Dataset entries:
╭──
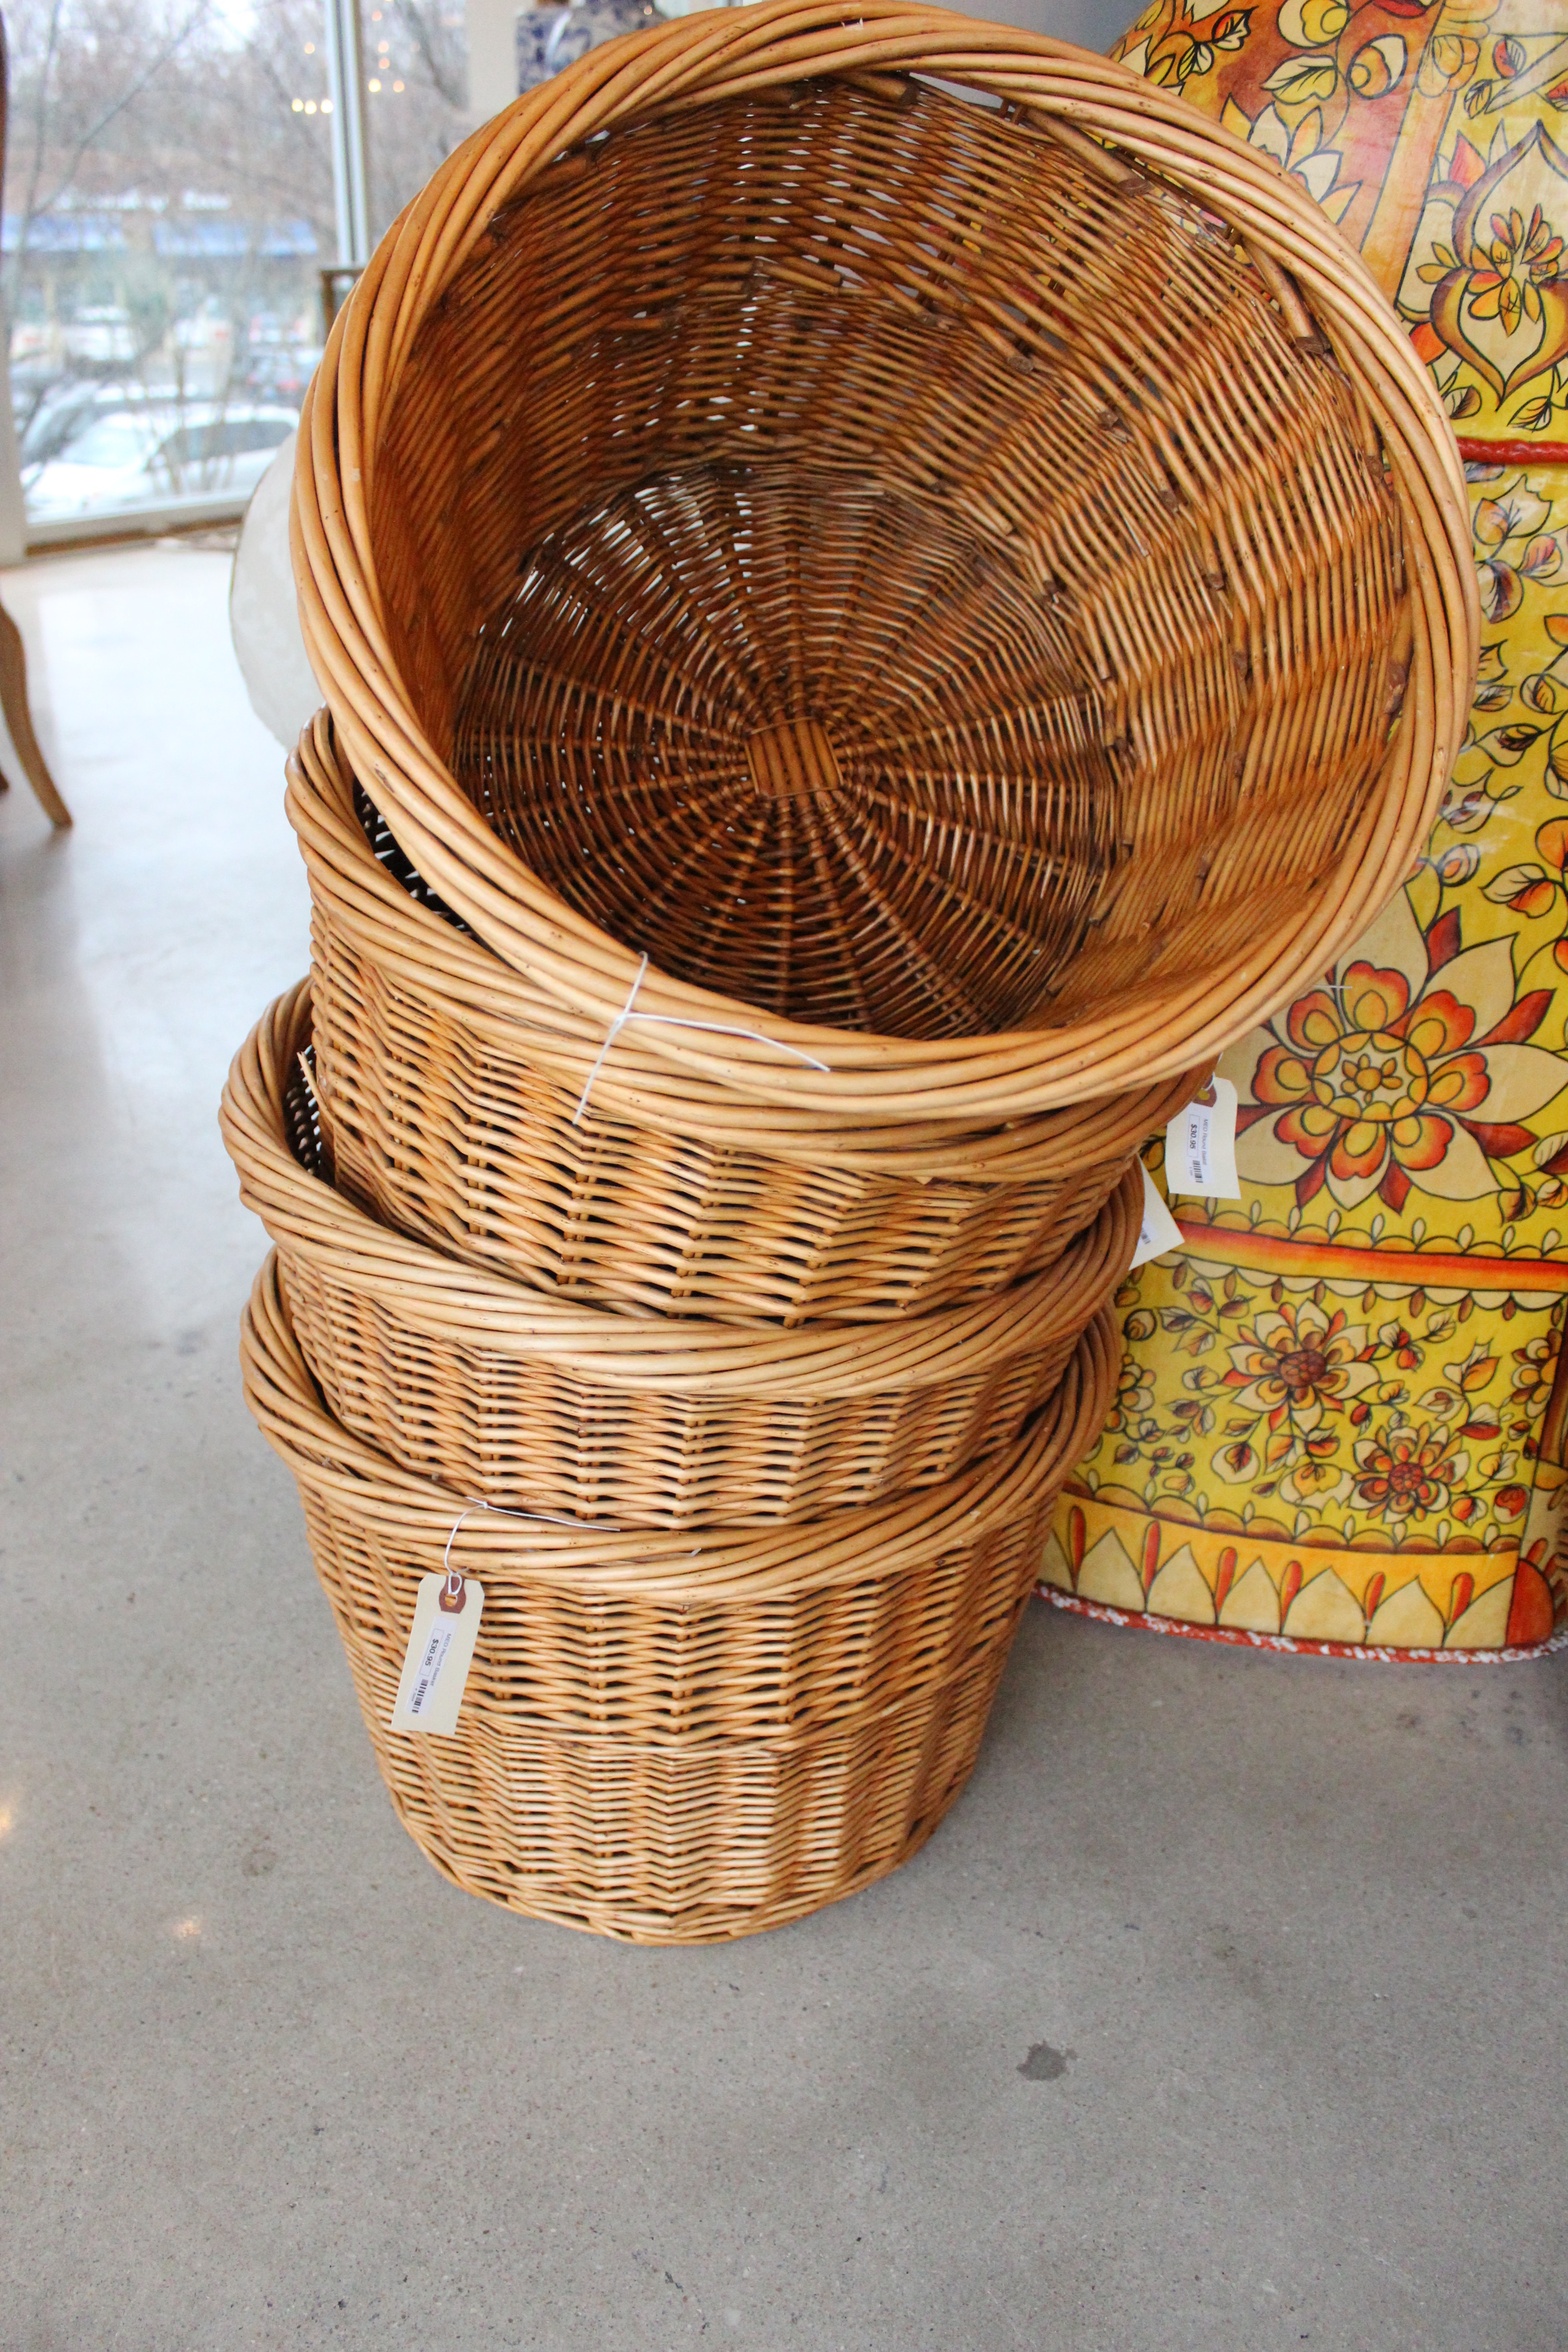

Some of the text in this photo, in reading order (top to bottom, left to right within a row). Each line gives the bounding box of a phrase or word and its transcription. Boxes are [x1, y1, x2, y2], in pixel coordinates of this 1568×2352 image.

[425, 1638, 439, 1666] $30.95
[437, 1648, 446, 1666] Round
[430, 1667, 440, 1686] Basket
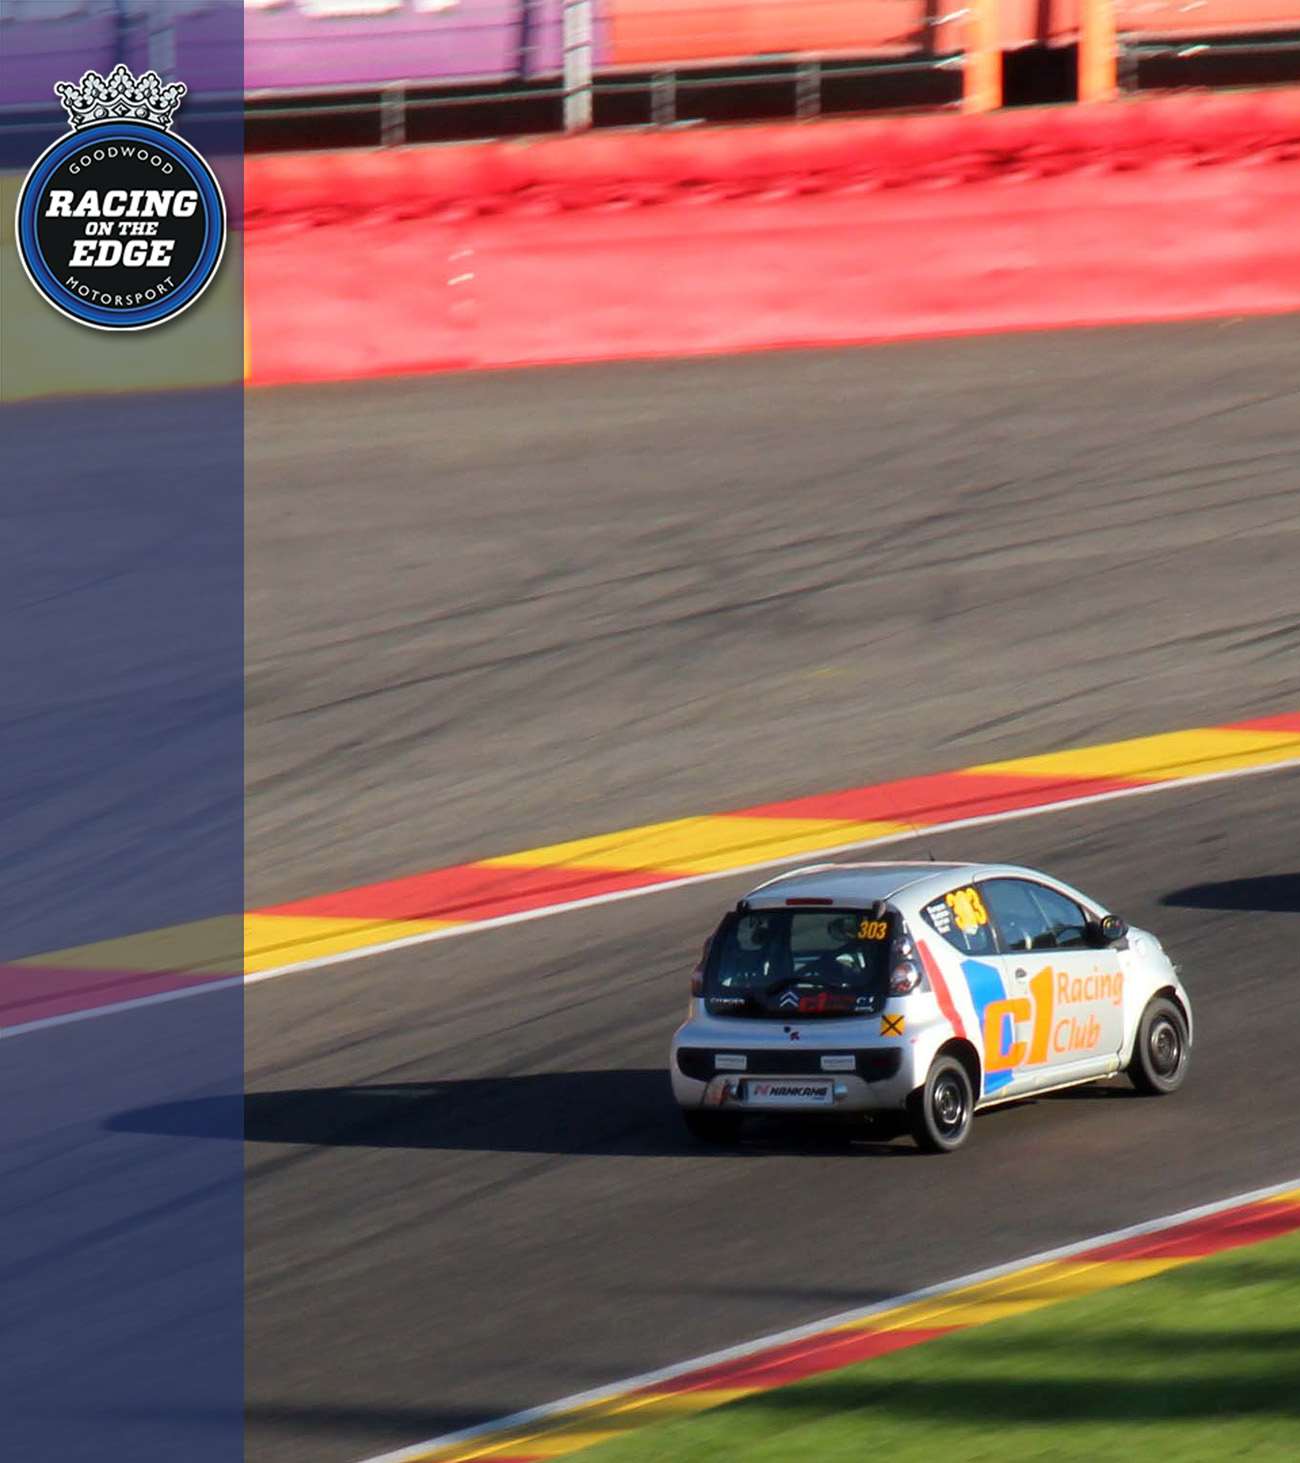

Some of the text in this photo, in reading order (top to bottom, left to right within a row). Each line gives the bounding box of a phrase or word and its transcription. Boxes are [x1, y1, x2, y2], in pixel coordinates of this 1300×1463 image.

[946, 887, 988, 931] 303
[857, 922, 888, 941] 303
[1057, 969, 1124, 1008] Racing
[1054, 1015, 1101, 1053] Club
[769, 1086, 828, 1097] NANKANG
╰──
Task directions | The required output is every line of the entries, starting at the one that contains "this 1300×1463 image." and ending at the last, copied exactly.

Exercise output |
Some of the text in this photo, in reading order (top to bottom, left to right within a row). Each line gives the bounding box of a phrase or word and its transcription. Boxes are [x1, y1, x2, y2], in pixel coordinates of this 1300×1463 image.

[946, 887, 988, 931] 303
[857, 922, 888, 941] 303
[1057, 969, 1124, 1008] Racing
[1054, 1015, 1101, 1053] Club
[769, 1086, 828, 1097] NANKANG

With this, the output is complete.